PROMPT: Make an exact copy of the entries, and keep any pictures out of it.

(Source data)
══════

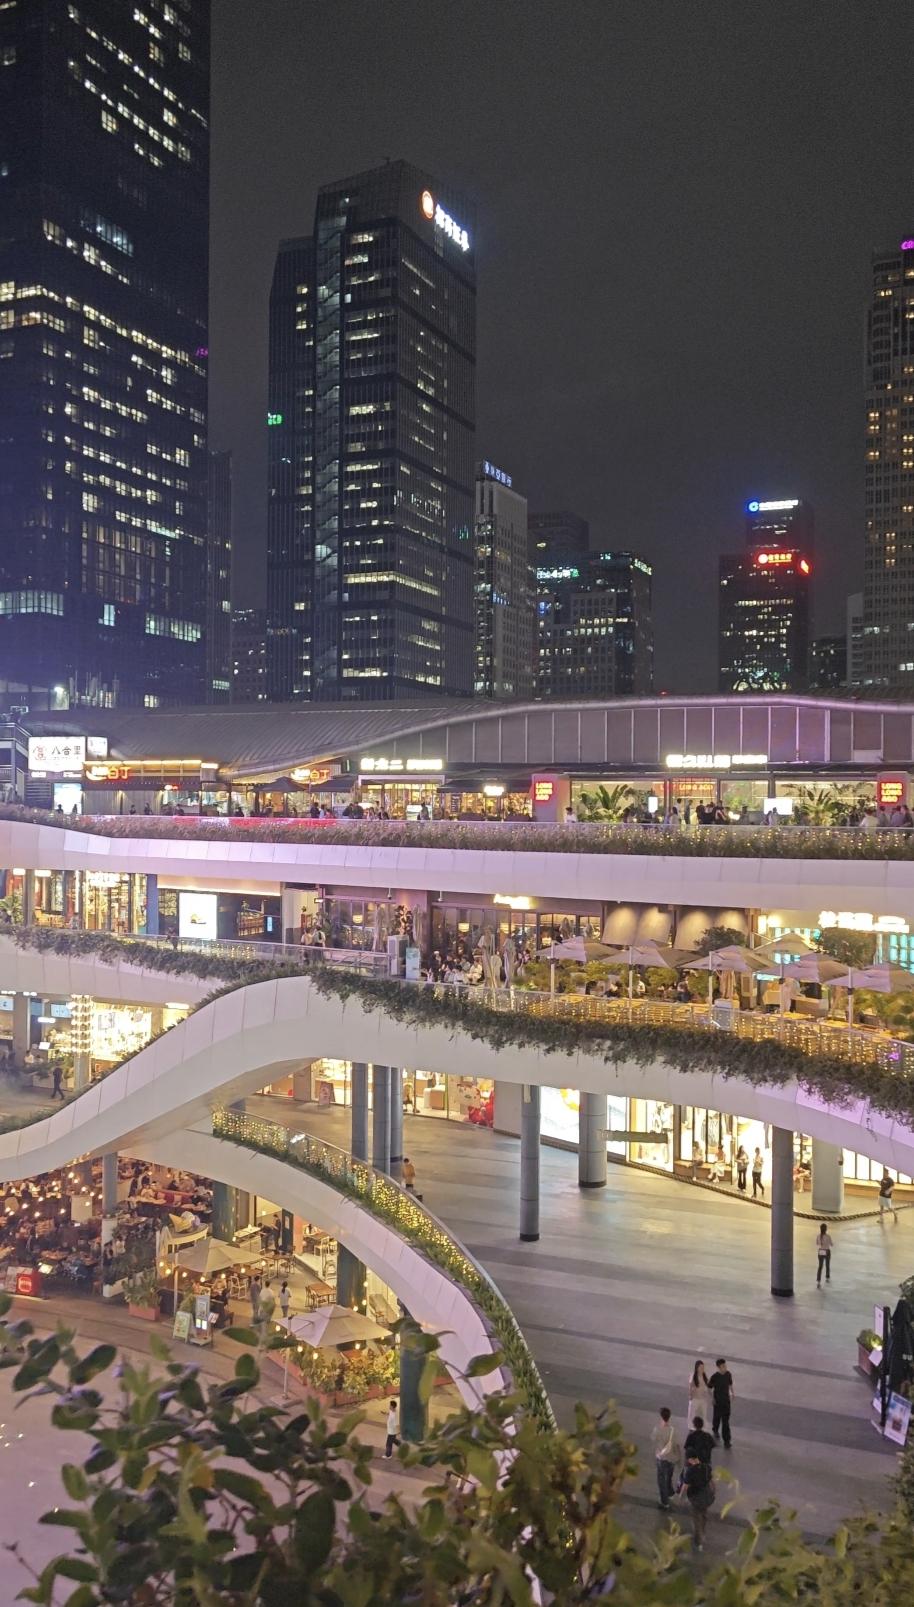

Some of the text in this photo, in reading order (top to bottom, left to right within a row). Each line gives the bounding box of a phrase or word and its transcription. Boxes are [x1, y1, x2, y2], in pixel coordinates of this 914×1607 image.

[51, 745, 81, 756] 八合里
[881, 782, 903, 790] LONG
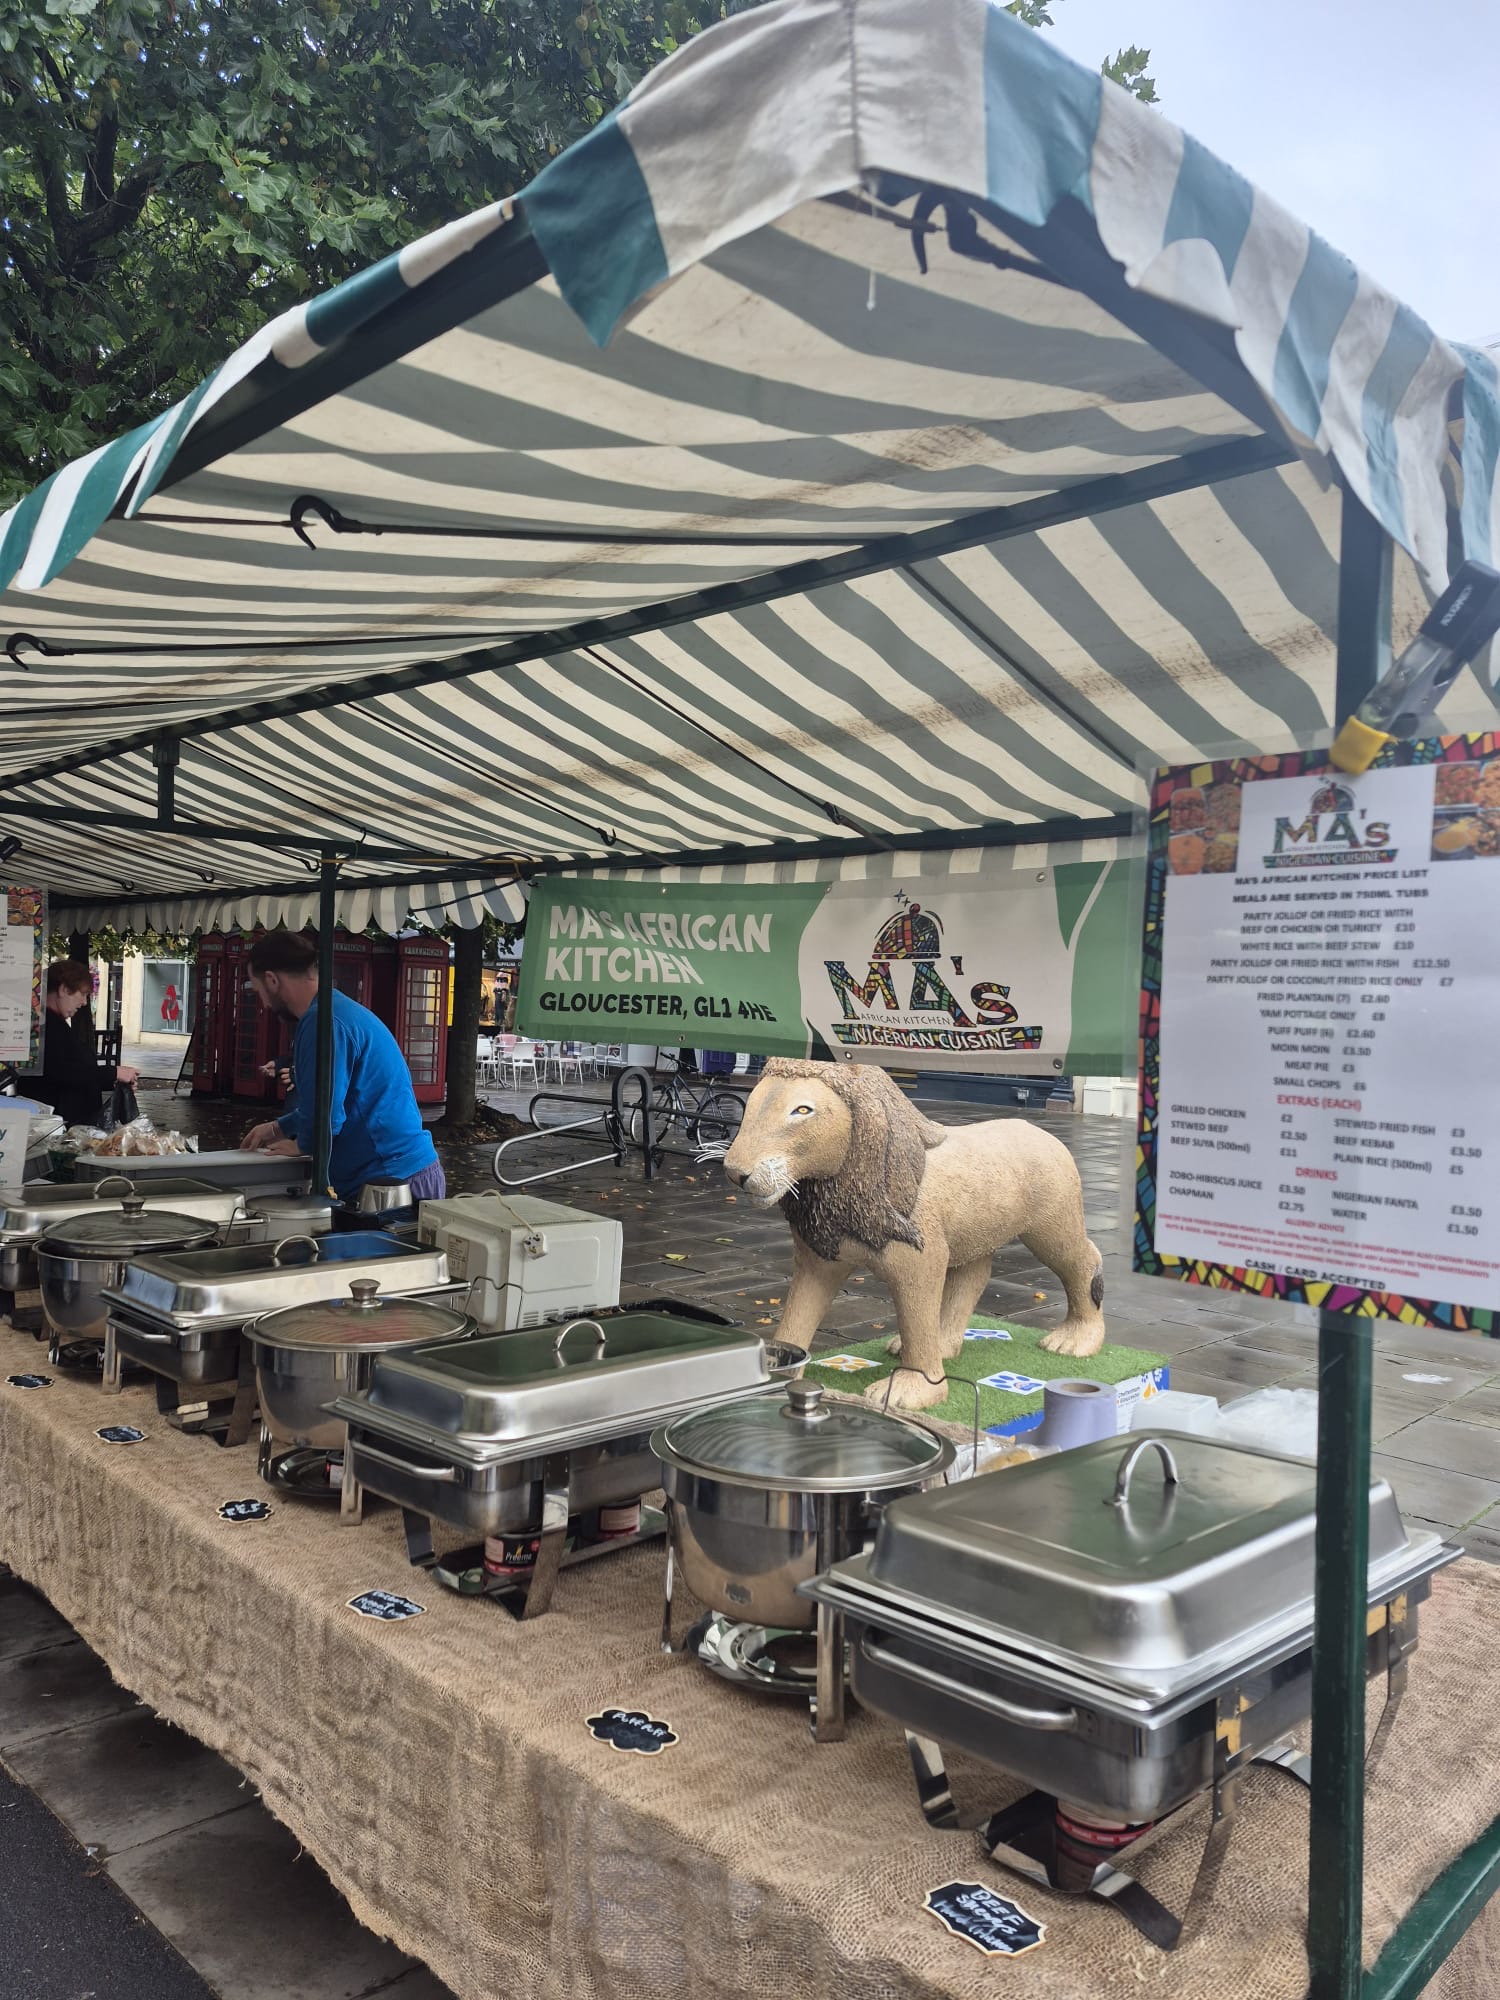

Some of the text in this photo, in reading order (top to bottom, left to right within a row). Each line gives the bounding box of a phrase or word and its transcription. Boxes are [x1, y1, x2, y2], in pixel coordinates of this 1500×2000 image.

[1272, 808, 1391, 854] MA's
[1235, 869, 1428, 885] MA'S AFRICAN KITCHEN PRICE LIST
[1232, 888, 1429, 903] MEALS ARE SERVED IN 750ML TUBS
[1243, 908, 1413, 920] PARTY JOLLOF OR FRIED RICE WITH
[549, 905, 773, 953] MA'S AFRICAN
[1241, 922, 1415, 934] BEEF OR CHICKEN OR TURKEY £10
[1240, 941, 1414, 951] WHITE RICE WITH BEEF STEW £10
[544, 946, 705, 985] KITCHEN
[1210, 959, 1239, 968] PARTY
[1240, 959, 1273, 968] JOLLOF
[1274, 959, 1289, 967] OR
[1290, 959, 1320, 967] FRIED
[1321, 959, 1342, 967] RICE
[1345, 959, 1374, 968] WITH
[1375, 959, 1400, 968] FISH
[1206, 975, 1234, 984] PARTY
[1235, 975, 1268, 984] JOLLOF
[1270, 976, 1285, 984] OR
[1286, 976, 1335, 985] COCONUT
[1336, 976, 1367, 986] FRIED
[1368, 976, 1393, 986] RICE
[1394, 977, 1423, 986] ONLY
[824, 955, 1019, 1028] MA's
[1257, 992, 1285, 1001] FRIED
[1286, 992, 1334, 1002] PLANTAIN
[539, 992, 777, 1022] GLOUCESTER, GL1 4HE
[860, 1012, 951, 1026] AFRICAN KITCHEN
[1259, 1009, 1282, 1018] YAM
[1283, 1010, 1327, 1020] POTTAGE
[1329, 1011, 1356, 1021] ONLY
[1267, 1026, 1291, 1035] PUFF
[1294, 1027, 1318, 1036] PUFF
[852, 1028, 1016, 1050] NIGERIAN CUISINE
[1271, 1043, 1299, 1052] MOIN
[1301, 1044, 1330, 1054] MOIN
[1285, 1061, 1312, 1070] MEAT
[1313, 1062, 1329, 1072] PIE
[1273, 1077, 1305, 1088] SMALL
[1307, 1079, 1341, 1090] CHOPS
[1277, 1094, 1362, 1112] EXTRAS (EACH)
[1171, 1104, 1206, 1115] GRILLED
[1207, 1107, 1247, 1119] CHICKEN
[1170, 1120, 1206, 1131] STEWED
[1207, 1123, 1229, 1133] BEEF
[1334, 1118, 1377, 1130] STEWED
[1379, 1122, 1409, 1133] FRIED
[1411, 1124, 1436, 1136] FISH
[1170, 1136, 1191, 1146] BEEF
[1192, 1138, 1215, 1149] SUYA
[1334, 1135, 1358, 1146] BEEF
[1360, 1138, 1395, 1149] KEBAB
[1333, 1153, 1364, 1164] PLAIN
[1365, 1156, 1388, 1167] RICE
[1295, 1167, 1338, 1181] DRINKS
[1238, 1179, 1262, 1190] JUICE
[1169, 1186, 1214, 1200] CHAPMAN
[1332, 1191, 1382, 1205] NIGERIAN
[1384, 1196, 1419, 1210] FANTA
[1331, 1208, 1367, 1221] WATER
[1244, 1258, 1276, 1271] CASH
[1285, 1265, 1317, 1278] CARD
[1321, 1271, 1386, 1290] ACCEPTED
[970, 1889, 1025, 1927] BEEF

══════

THE COMPLETED TASK:
Some of the text in this photo, in reading order (top to bottom, left to right within a row). Each line gives the bounding box of a phrase or word and its transcription. Boxes are [x1, y1, x2, y2], in pixel coordinates of this 914×1607 image.

[51, 745, 81, 756] 八合里
[881, 782, 903, 790] LONG

Some of the text in this photo, in reading order (top to bottom, left to right within a row). Each line gives the bounding box of a phrase or word and its transcription. Boxes are [x1, y1, x2, y2], in pixel coordinates of this 1500×2000 image.

[1272, 808, 1391, 854] MA's
[1235, 869, 1428, 885] MA'S AFRICAN KITCHEN PRICE LIST
[1232, 888, 1429, 903] MEALS ARE SERVED IN 750ML TUBS
[1243, 908, 1413, 920] PARTY JOLLOF OR FRIED RICE WITH
[549, 905, 773, 953] MA'S AFRICAN
[1241, 922, 1415, 934] BEEF OR CHICKEN OR TURKEY £10
[1240, 941, 1414, 951] WHITE RICE WITH BEEF STEW £10
[544, 946, 705, 985] KITCHEN
[1210, 959, 1239, 968] PARTY
[1240, 959, 1273, 968] JOLLOF
[1274, 959, 1289, 967] OR
[1290, 959, 1320, 967] FRIED
[1321, 959, 1342, 967] RICE
[1345, 959, 1374, 968] WITH
[1375, 959, 1400, 968] FISH
[1206, 975, 1234, 984] PARTY
[1235, 975, 1268, 984] JOLLOF
[1270, 976, 1285, 984] OR
[1286, 976, 1335, 985] COCONUT
[1336, 976, 1367, 986] FRIED
[1368, 976, 1393, 986] RICE
[1394, 977, 1423, 986] ONLY
[824, 955, 1019, 1028] MA's
[1257, 992, 1285, 1001] FRIED
[1286, 992, 1334, 1002] PLANTAIN
[539, 992, 777, 1022] GLOUCESTER, GL1 4HE
[860, 1012, 951, 1026] AFRICAN KITCHEN
[1259, 1009, 1282, 1018] YAM
[1283, 1010, 1327, 1020] POTTAGE
[1329, 1011, 1356, 1021] ONLY
[1267, 1026, 1291, 1035] PUFF
[1294, 1027, 1318, 1036] PUFF
[852, 1028, 1016, 1050] NIGERIAN CUISINE
[1271, 1043, 1299, 1052] MOIN
[1301, 1044, 1330, 1054] MOIN
[1285, 1061, 1312, 1070] MEAT
[1313, 1062, 1329, 1072] PIE
[1273, 1077, 1305, 1088] SMALL
[1307, 1079, 1341, 1090] CHOPS
[1277, 1094, 1362, 1112] EXTRAS (EACH)
[1171, 1104, 1206, 1115] GRILLED
[1207, 1107, 1247, 1119] CHICKEN
[1170, 1120, 1206, 1131] STEWED
[1207, 1123, 1229, 1133] BEEF
[1334, 1118, 1377, 1130] STEWED
[1379, 1122, 1409, 1133] FRIED
[1411, 1124, 1436, 1136] FISH
[1170, 1136, 1191, 1146] BEEF
[1192, 1138, 1215, 1149] SUYA
[1334, 1135, 1358, 1146] BEEF
[1360, 1138, 1395, 1149] KEBAB
[1333, 1153, 1364, 1164] PLAIN
[1365, 1156, 1388, 1167] RICE
[1295, 1167, 1338, 1181] DRINKS
[1238, 1179, 1262, 1190] JUICE
[1169, 1186, 1214, 1200] CHAPMAN
[1332, 1191, 1382, 1205] NIGERIAN
[1384, 1196, 1419, 1210] FANTA
[1331, 1208, 1367, 1221] WATER
[1244, 1258, 1276, 1271] CASH
[1285, 1265, 1317, 1278] CARD
[1321, 1271, 1386, 1290] ACCEPTED
[970, 1889, 1025, 1927] BEEF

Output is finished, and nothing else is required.